You’re probably right, but then laws are never made with the view that they will not be followed. Obviously, the problem needs to be tackled with a certain modicum of intelligence and there has to be a better way of doing it, but I just don’t see how. So many educated people smoke, even though they’re perfectly well aware of the ill effects, so I don’t know whether it’s really education that is lacking…
Agreed. Though unfortunately in DU, its not so much to really stop people for smoking but to get non smoking people to vote for them. If this wasn’t the case, something more intelligent would have been figured out by DU. Banning will only increase smoking. Also when the parliament has a separate smoking zone, it doesn’t seem fair to “eradicate” what is a free choice? Eradicate the ill effects, get people to smoke in separate smoking zones. And while you are at it educate people about smoking as opposed to make our partners-in-crime the non-voting panwaris broke…
“Agreed that cigarette smoking can be injurious to health. But so is over-eating, over-exercising, listening to loud music and wearing stilettos.”
You’re ignoring one basic point here: while all the above can be harmful to the person who is doing them, smoking is harmful even to non-smokers in the vicinity. Second-hand smoke is extremely injurious to the health. You’re entitled to as you please with your own body and if you want to smoke despite being aware of the consequences, good for you, but you have no right to put other people at the same risk. Naturally, there are many other health risks that also need to be examined by the government, but how does that preclude us from paying attention to this one?

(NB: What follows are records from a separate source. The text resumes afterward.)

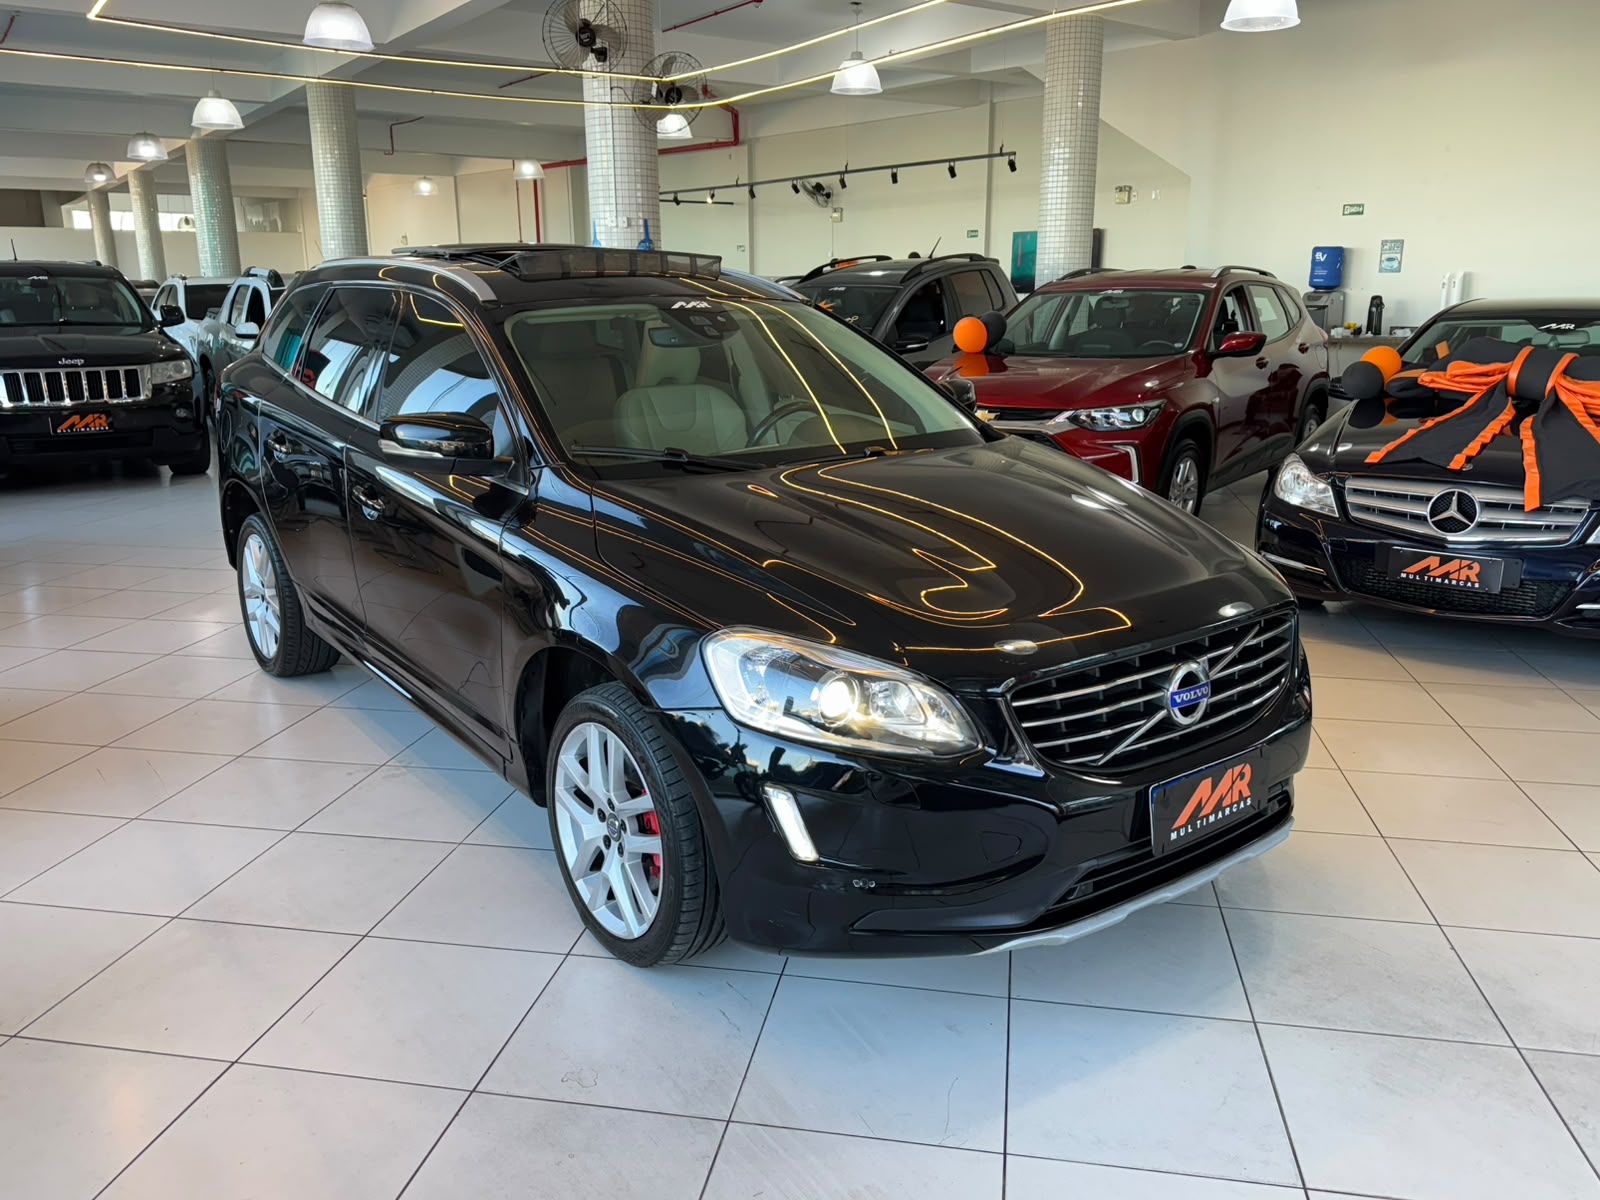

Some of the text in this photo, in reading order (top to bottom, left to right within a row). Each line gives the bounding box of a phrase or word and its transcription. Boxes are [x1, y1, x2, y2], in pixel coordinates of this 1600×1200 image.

[58, 358, 85, 366] Jeep
[1400, 572, 1480, 588] MULTIMARCAS
[1173, 685, 1209, 703] VOLVO
[1170, 797, 1252, 841] MULTIMARCAS
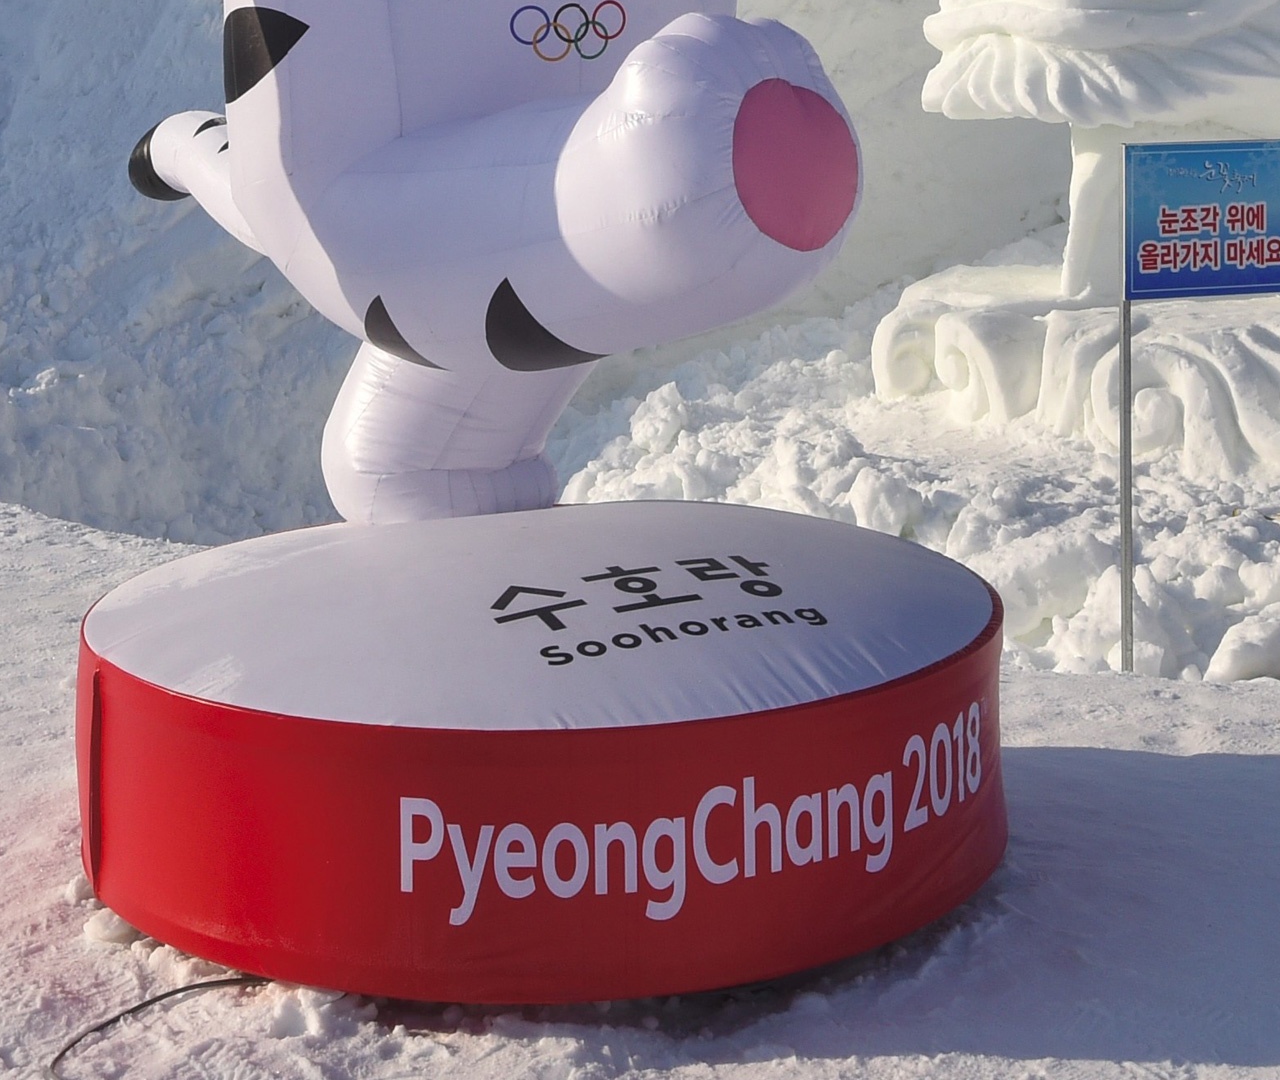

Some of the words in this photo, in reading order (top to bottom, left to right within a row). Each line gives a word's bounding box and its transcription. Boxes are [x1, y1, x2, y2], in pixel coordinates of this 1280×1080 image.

[1159, 205, 1220, 235] 눈조각
[1226, 203, 1265, 232] 위에
[1140, 239, 1219, 271] 올라가지
[490, 554, 786, 632] 수호랑
[539, 604, 828, 666] Soohorang
[400, 771, 892, 926] PyeongChang
[904, 701, 983, 832] 2018
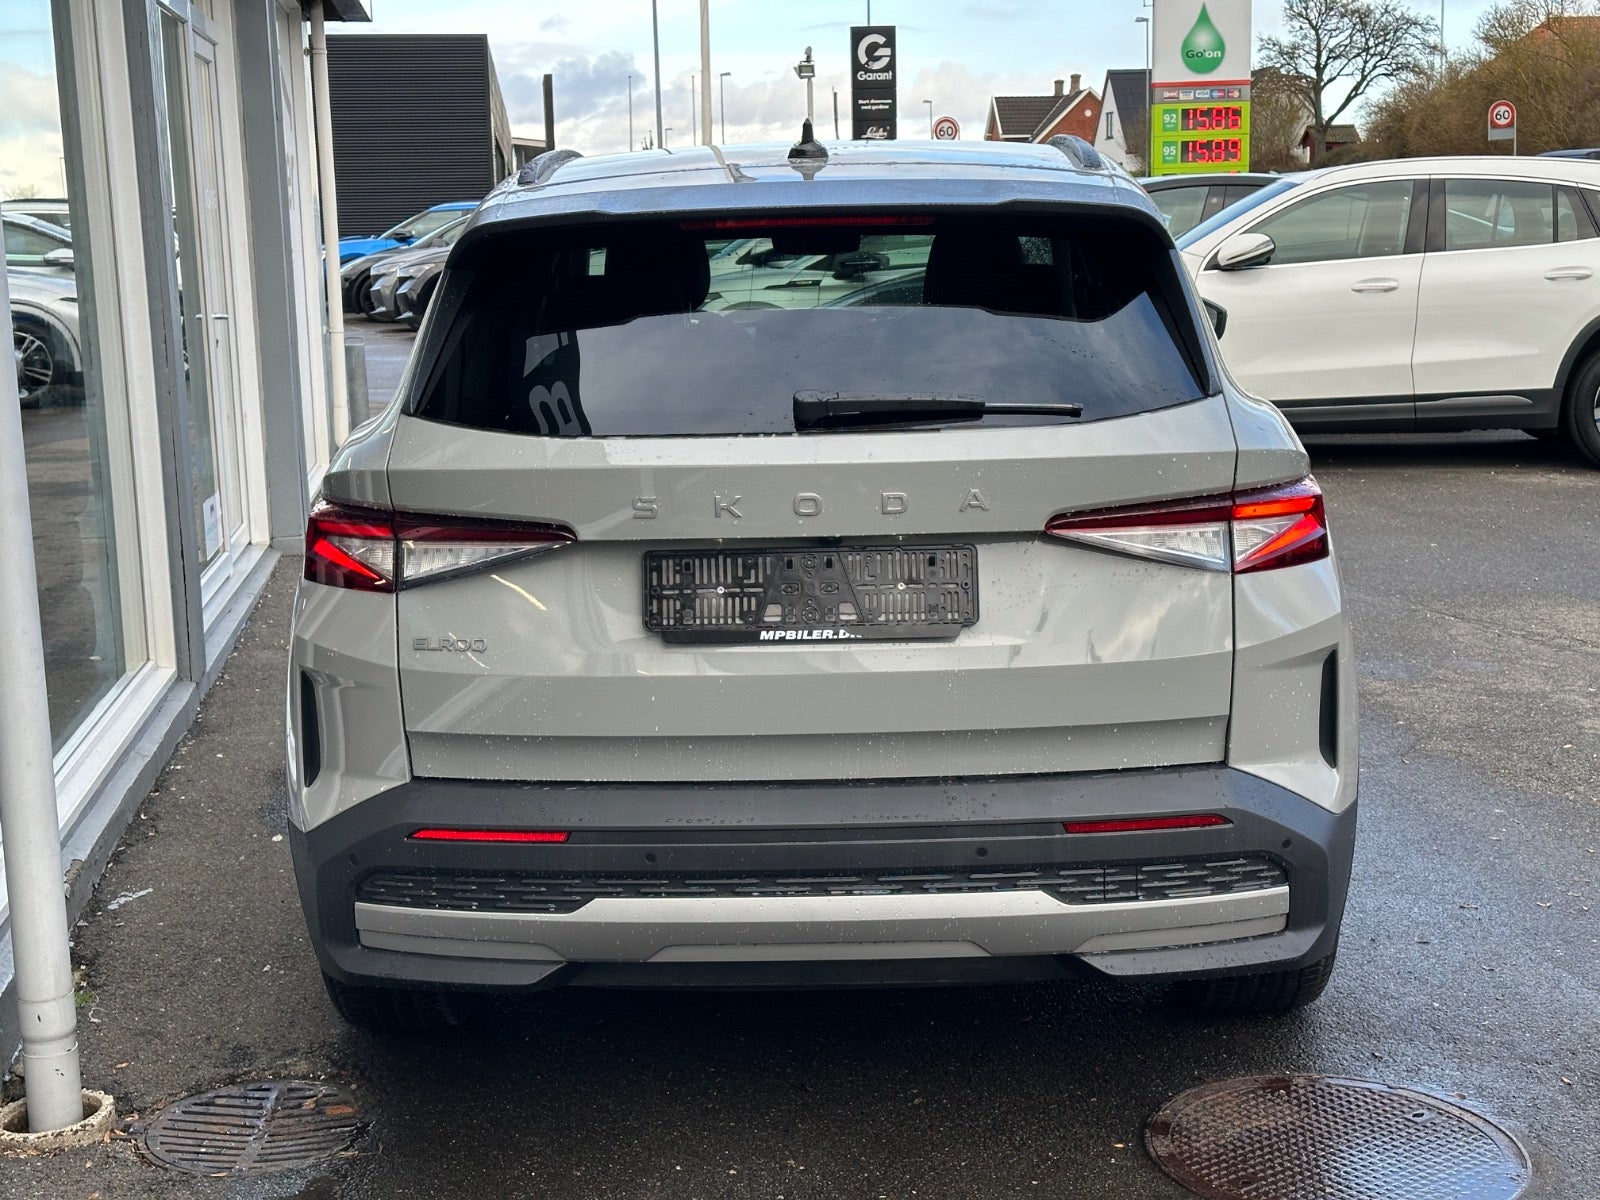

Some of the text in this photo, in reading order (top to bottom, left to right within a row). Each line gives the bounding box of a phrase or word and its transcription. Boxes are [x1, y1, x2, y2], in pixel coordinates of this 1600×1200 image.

Just because overpopulation is, quite literally, a growing epidemic in our country, we shouldn’t start ignoring other problems like education or women’s rights, for example. There are tons of problems that are crying out to be resolved, but focusing on one is better than focusing on none. That rhyme was unintential. =)
And the ban isn’t going to help either. I am not going to quite coz DU bans me to.
People wont stop smoking coz they are told to not smoke.
They will not smoke only if they don’t want to.
Brains Madame DUSU President? Look around…
Think about it, why smoking? More people are going to die because of Axe deodrants that shall rip a hole in our beloved ozone layer. Why not that?
And how about constructions in MH and SVC that emit enough SPM to layer our pinky lungs with a three inch coating.
DUSU is making a big deal out of it coz Amrita, The Madame DUSU President?, just wants to cash in on the non smoking vote bank.
Brilliantly written piece. Though I think you’ve ignored the part of the argument that says the air is cleaner in the campus as a result (which can be quite vociferously debated against–it has its own set of further issues) which is as a result healthier for the one’s whose lungs turn blacker due to passive smoking. People will as a result smoke more in confined places which is worse. Good read.